In [3]:
import pickle 
import pandas as pd 
import os
import numpy as np 
import cv2
from keras.preprocessing import image 
from sklearn.model_selection import train_test_split
import matplotlib.pyplot as plt
from keras.utils import to_categorical
from PyFunctions import var
import random



def get_edged(img, dim): 
    '''This function will convert an image into an edged version using Gaussian filtering''' 
    blurred = cv2.GaussianBlur(img, (3,3), 0)
    wide = cv2.Canny(blurred, 10,200)
    wide = cv2.resize(wide, dim, interpolation = cv2.INTER_CUBIC)
    return wide


def get_image_value(path, dim, edge = False): 
    '''This function will read an image and convert to a specified version and resize depending on which algorithm is being used.  If edge is specified as true, it will pass the img array to get_edged which returns a filtered version of the img'''
    if edge == True: 
        img = cv2.imread(path)
        edged = get_edged(img, dim)
        return edged
    else: 
        img = image.load_img(path, target_size = dim)
        img = image.img_to_array(img)
        return img/255

def get_img_array(img_paths, dim, edge): 
    '''This fucntion takes a list of image paths and returns the np array corresponding to each image.  It also takes the dim and whether edge is specified in order to pass it to another function to apply these parameters.  This function uses get_image_value to perform these operations'''
    from tqdm import tqdm
    final_array = []
    for path in tqdm(img_paths): 
        img = get_image_value(path, dim, edge)
        final_array.append(img)
    final_array = np.array(final_array)
    if edge:
        return final_array.reshape(final_array.shape[0], final_array.shape[1], final_array.shape[2], 1)
    else: 
        return final_array
        
def get_pickles(nn_type, edge = False, balance = False):
    '''This function will creates a pickled file given the type of neural network architecture.  
    Using the Var.py file, the function will determine the specified dimension of the algorithm and create pickles given the NN type.  For this function to work, you must create a folder outside the repo called Pickles'''
    if nn_type == 'normal': 
        DIM =  var.norm_dimension 
    elif nn_type == 'mobilenet': 
        DIM = var.mobilenet_dimension
    
    elif nn_type == 'inceptionnet': 
        DIM = var.inception_dimension
        
    elif nn_type == 'vgg16': 
        DIM = var.vgg_dimension
    elif nn_type == 'alexnet': 
        DIM = var.alex_dimension

#Using Seperated ROI ang hand data 
    pistol_paths = [f'../Separated/FinalImages/Pistol/{i}' for i in os.listdir('../Separated/FinalImages/Pistol')] 
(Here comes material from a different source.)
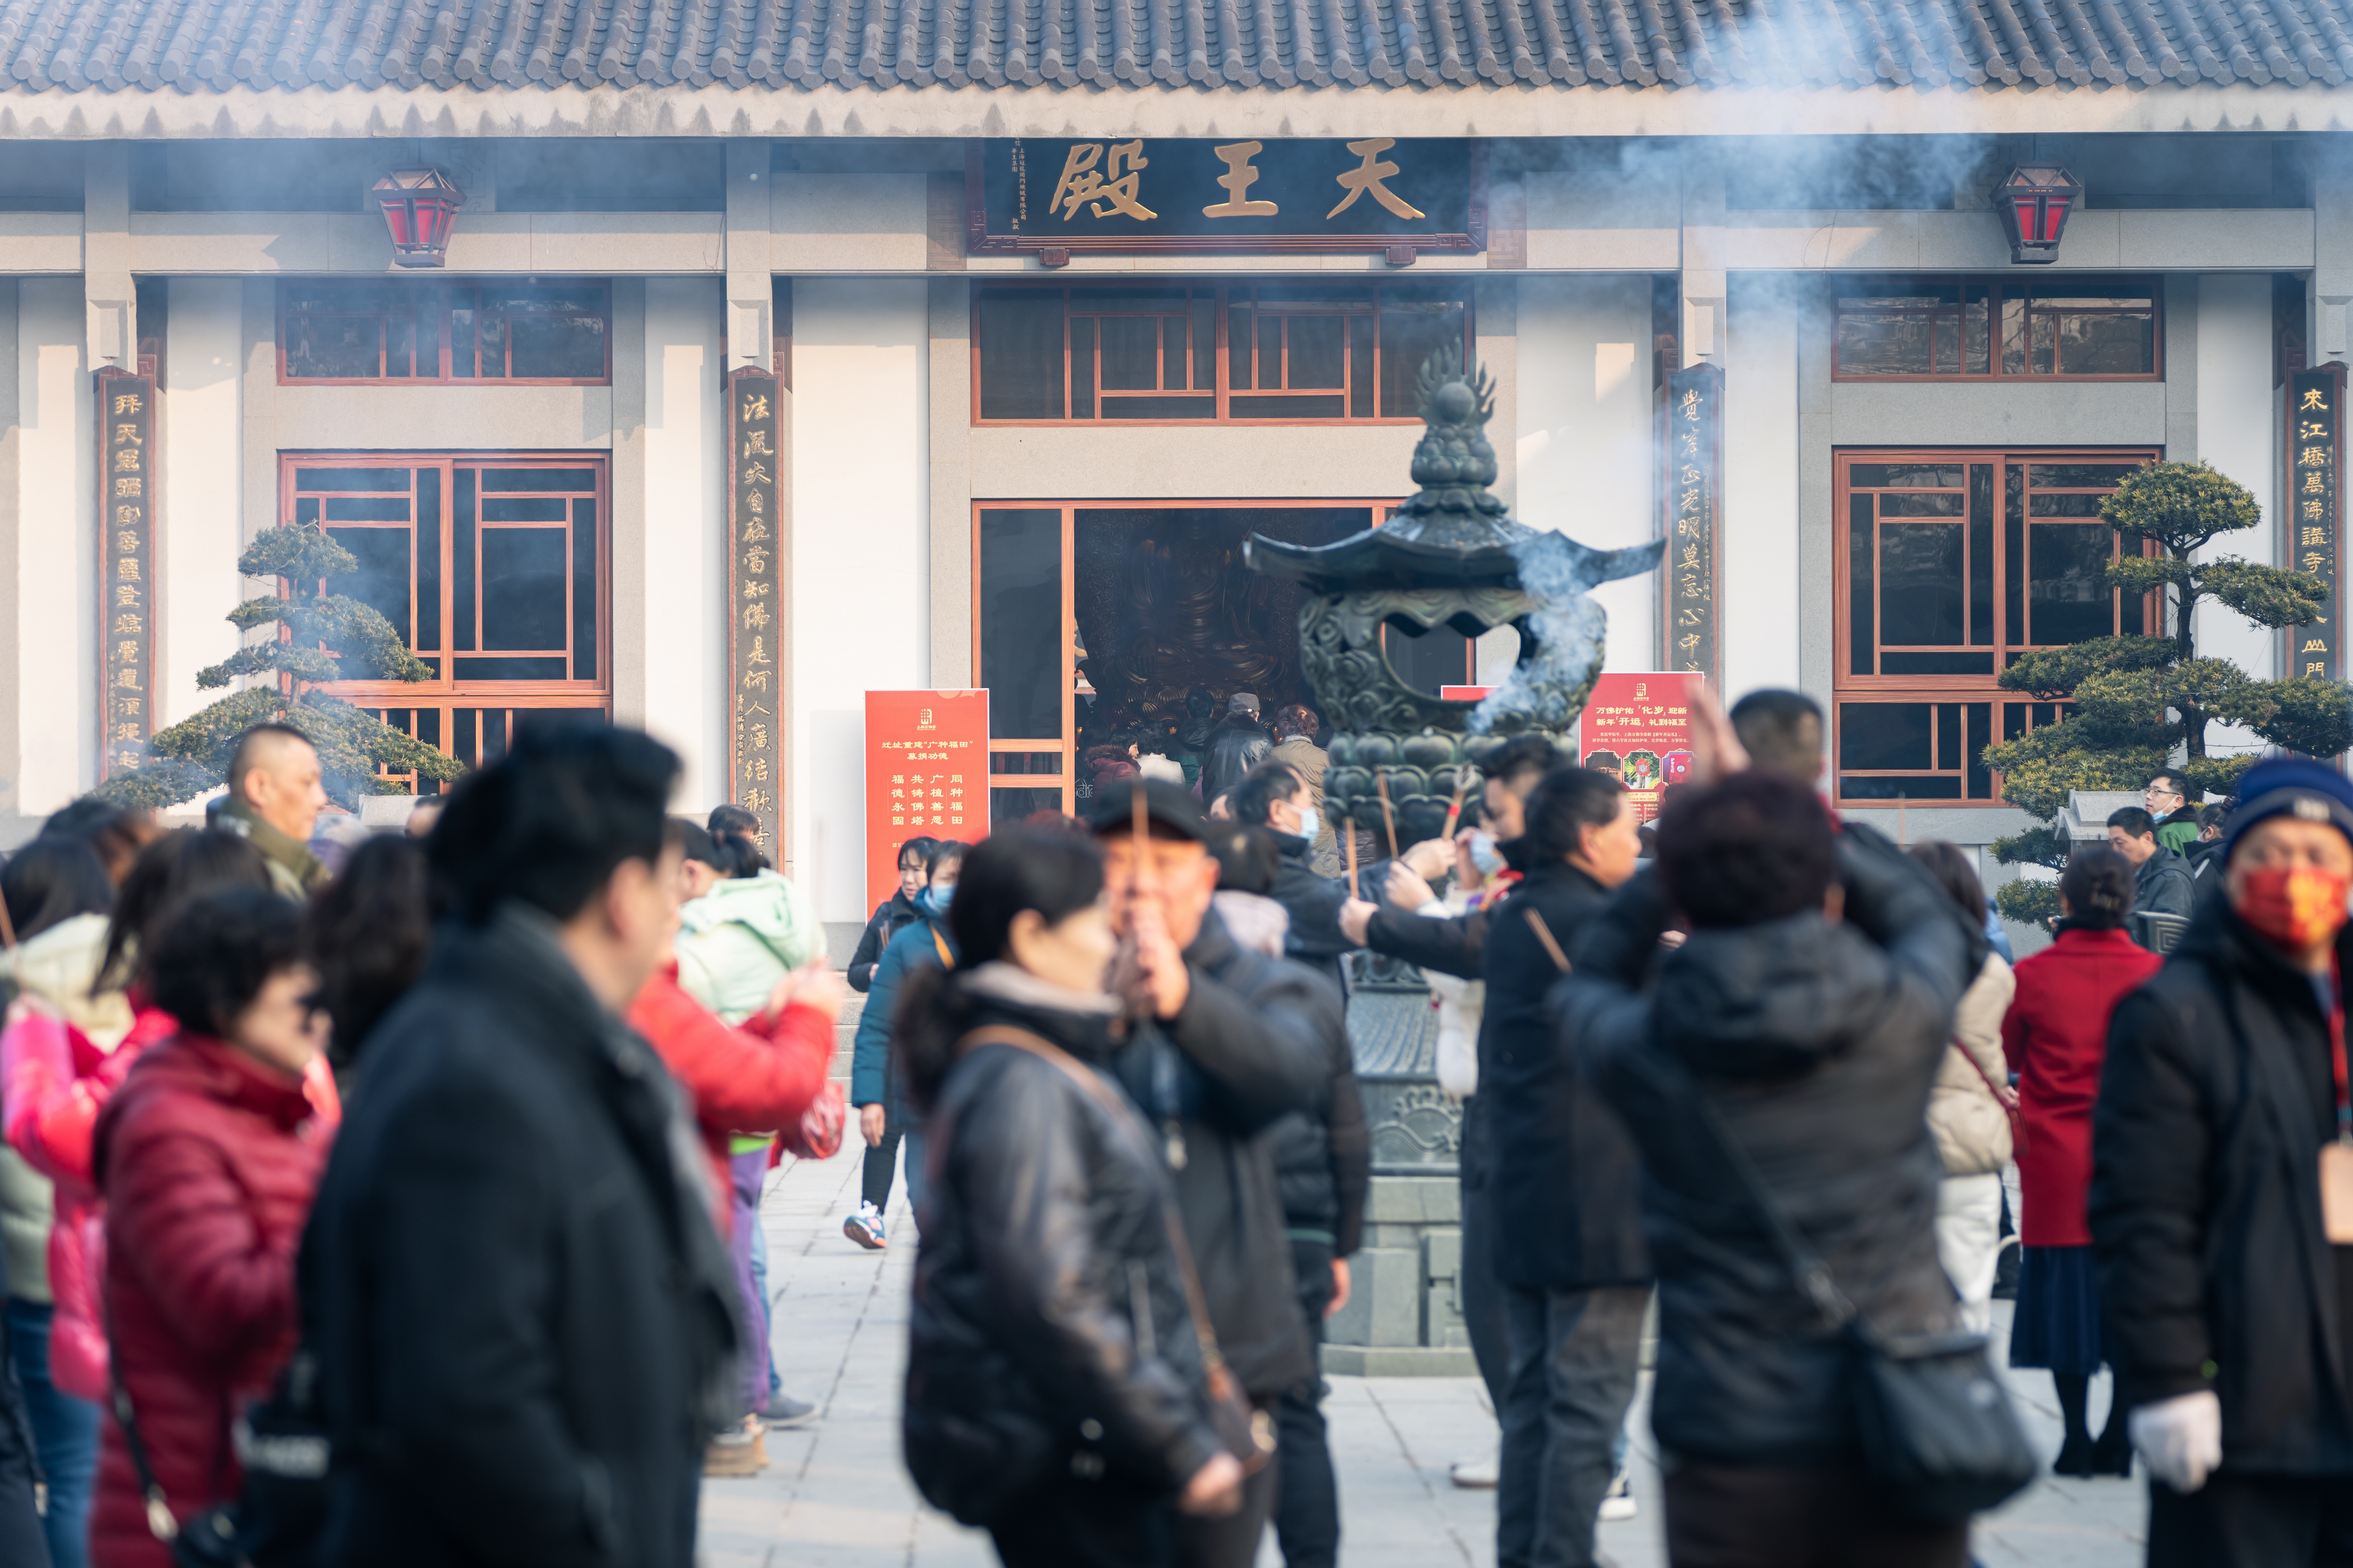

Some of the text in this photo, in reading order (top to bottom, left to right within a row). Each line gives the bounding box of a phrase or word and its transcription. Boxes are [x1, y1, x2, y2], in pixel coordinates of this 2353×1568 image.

[1049, 138, 1426, 221] 天王殿
[743, 394, 774, 856] 法流大自在當知佛是何人廣結歡喜
[2298, 388, 2328, 680] 來江橋萬佛講寺山門
    rifle_paths = [f'../Separated/FinalImages/Rifle/{i}' for i in os.listdir('../Separated/FinalImages/Rifle')] 
    
    neg_paths = [f'../Separated/FinalImages/NoWeapon/{i}' for i in os.listdir('../Separated/FinalImages/NoWeapon')]
    random.shuffle(neg_paths)
    neg_paths = neg_paths[:len(pistol_paths)]
    
    if balance == True: 
        random.shuffle(pistol_paths)
        pistol_paths = pistol_paths[:len(rifle_paths)+150]
        neg_paths = neg_paths[:len(rifle_paths)+150]
        
        
    pistol_labels = [1 for i in range(len(pistol_paths))]
    rifle_labels = [2 for i in range(len(rifle_paths))]    
    neg_labels = [0 for i in range(len(neg_paths))]
    
    print(len(pistol_paths), len(rifle_paths), len(neg_paths))

    paths = pistol_paths + rifle_paths + neg_paths
    labels = pistol_labels + rifle_labels + neg_labels
    
    x_train, x_test, y_train, y_test = train_test_split(paths, labels, stratify = labels, train_size = .90, random_state = 10)

    if edge == True:      
        new_x_train = get_img_array(x_train, DIM, edge = True)
        new_x_test = get_img_array(x_test, DIM, edge = True)
    else: 
        new_x_train = get_img_array(x_train, DIM, edge = False)
        new_x_test = get_img_array(x_test, DIM, edge = False)
    
    print('Train Value Counts')
    print(pd.Series(y_train).value_counts())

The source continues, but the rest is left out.